James Mapp to head the Chattanooga-Hamilton County branch of the NAACP again

James Mapp to head the Chattanooga-Hamilton County branch of the NAACP again

December 31st, 2012 by Yolanda Putman in Local Regional News

Betty Callaway sings "Lift Every Voice and Sing" with the congregation during the 2011 NAACP Jubilee Day celebration held at Pilgrim Rock Baptist Church. This year's recognition of the signing of the Emancipation Proclamation on Jan. 1, 1863, is set for Tuesday.

Photo by Dan Henry /Times Free Press.


* What: Chattanooga-Hamilton County NAACP Jubilee Day celebration

* When: 11 a.m. Tuesday

* Where: Hamlet Chapel CME, at 2510 Cowart St.

James Mapp, who led the local NAACP chapter for 20 years, will serve as NAACP president again in 2013.

"We didn't have anybody, and I didn't want us to be without," said Mapp, who filed the lawsuit that led to the desegregation of Chattanooga city schools.

Valoria Shipman Armstrong, the current president of the Chattanooga-Hamilton County's NAACP, will resign after serving eight years.

She said she plans to remain active in the organization but can't continue to lead it while working full time as human resource manager for Tennessee American Water.

Chapter Vice President Joe Rowe became ill, Mapp said.

Mapp, 85, and other officers will be sworn in at the NAACP's annual Jubilee celebration Tuesday.

NAACP branches across the country host Jubilee Day -- or Emancipation Day -- celebrations on New Year's Day. The events commemorate President Abraham Lincoln signing the Emancipation Proclamation ending slavery on Jan. 1, 1863.

Jerry Redman will be the main speaker for Chattanooga's celebration.
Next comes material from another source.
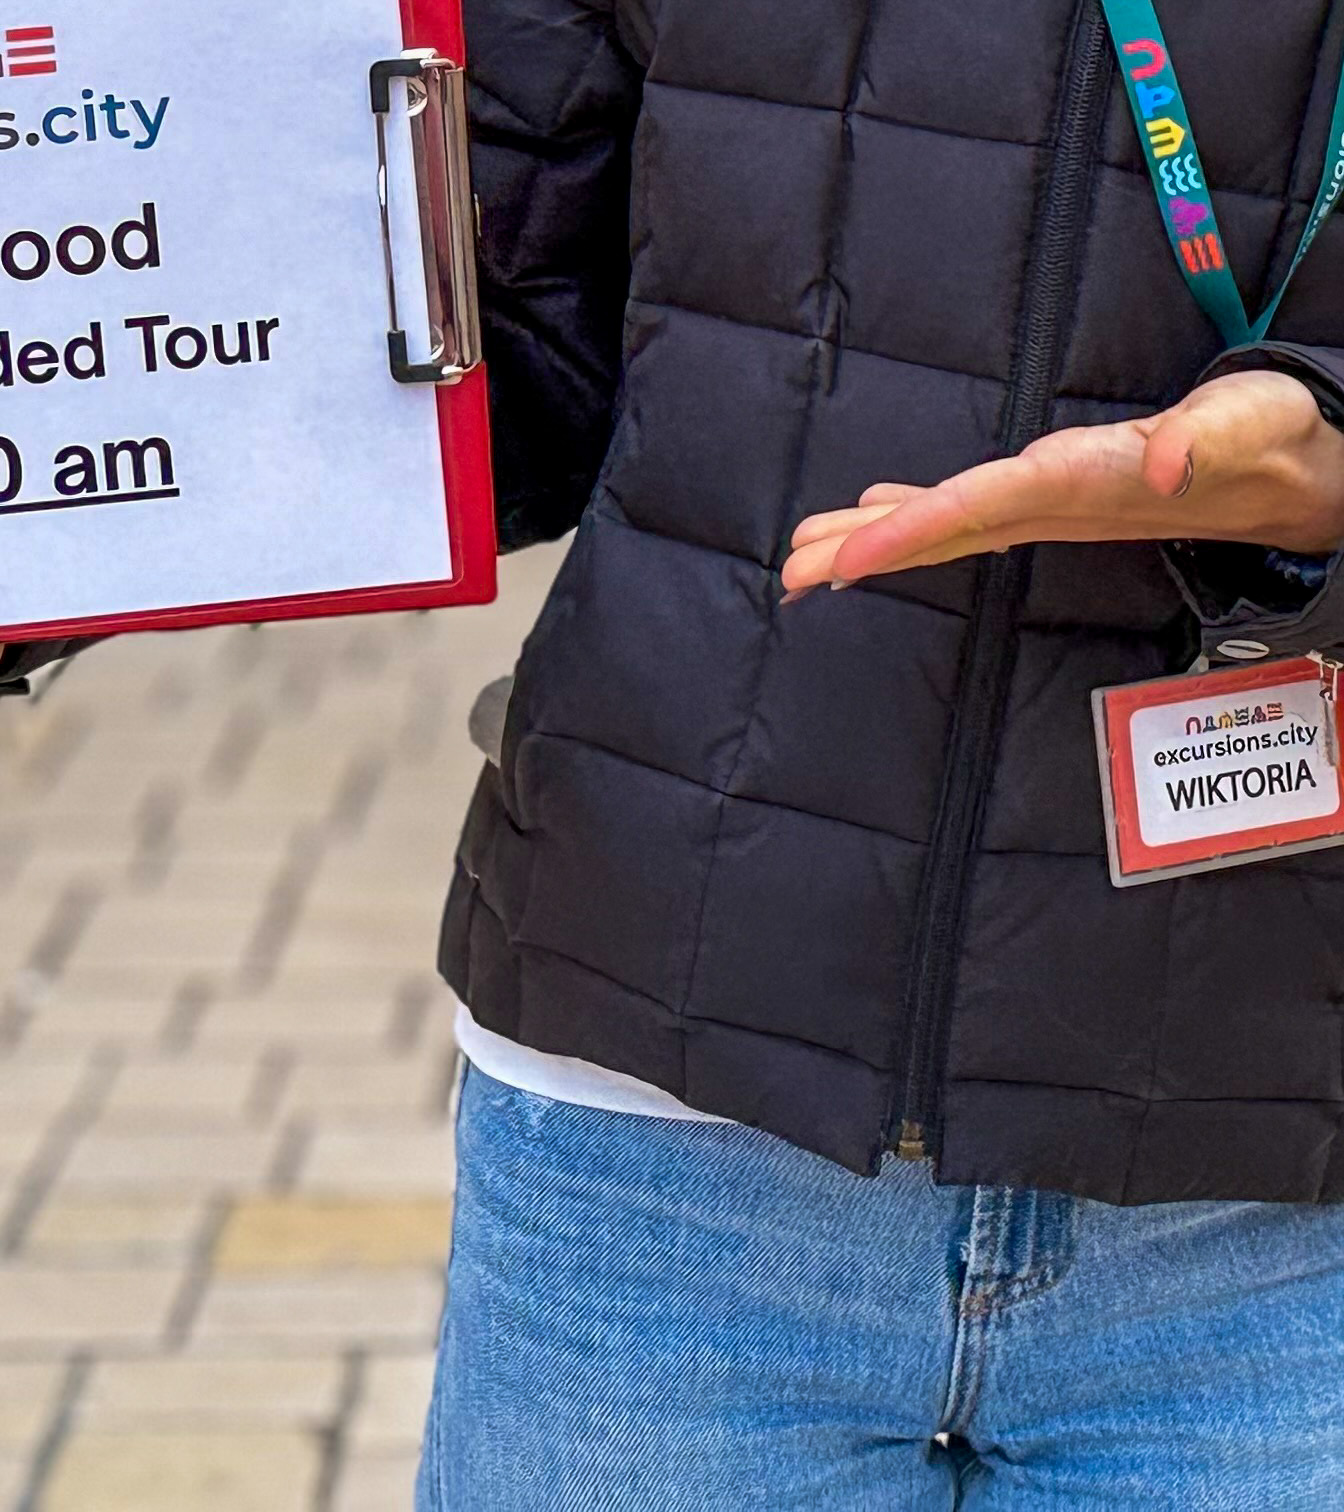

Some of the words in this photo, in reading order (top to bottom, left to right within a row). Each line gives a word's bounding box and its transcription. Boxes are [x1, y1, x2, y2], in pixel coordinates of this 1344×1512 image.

[124, 313, 280, 373] Tour
[53, 436, 175, 496] am
[1153, 722, 1319, 768] excursions.city
[1165, 758, 1318, 812] WIKTORIA
"In the 150 years that have transpired, progress has been made, and that progress should be celebrated. But progress alone is not freedom. Only freedom fully realized is freedom," said Redman, managing senior partner of Second Life of Chattanooga. The organization is focused on ending human sex trafficking in greater Chattanooga and Southeast Tennessee.

"When we're talking about freedom, we're talking about civil rights. We're talking about the right to be fully human," he said.

The Emancipation Proclamation did not end slavery for all slaves, but it was a start from a government perspective, Armstrong said.

Jubilee Day is a time when the history of suffering endured under slavery is remembered and the efforts of people who fought to end slavery are recognized, she said.

The event also will include a presentation that honors the contributions of local U.S. Colored Troops and Buffalo Soldiers.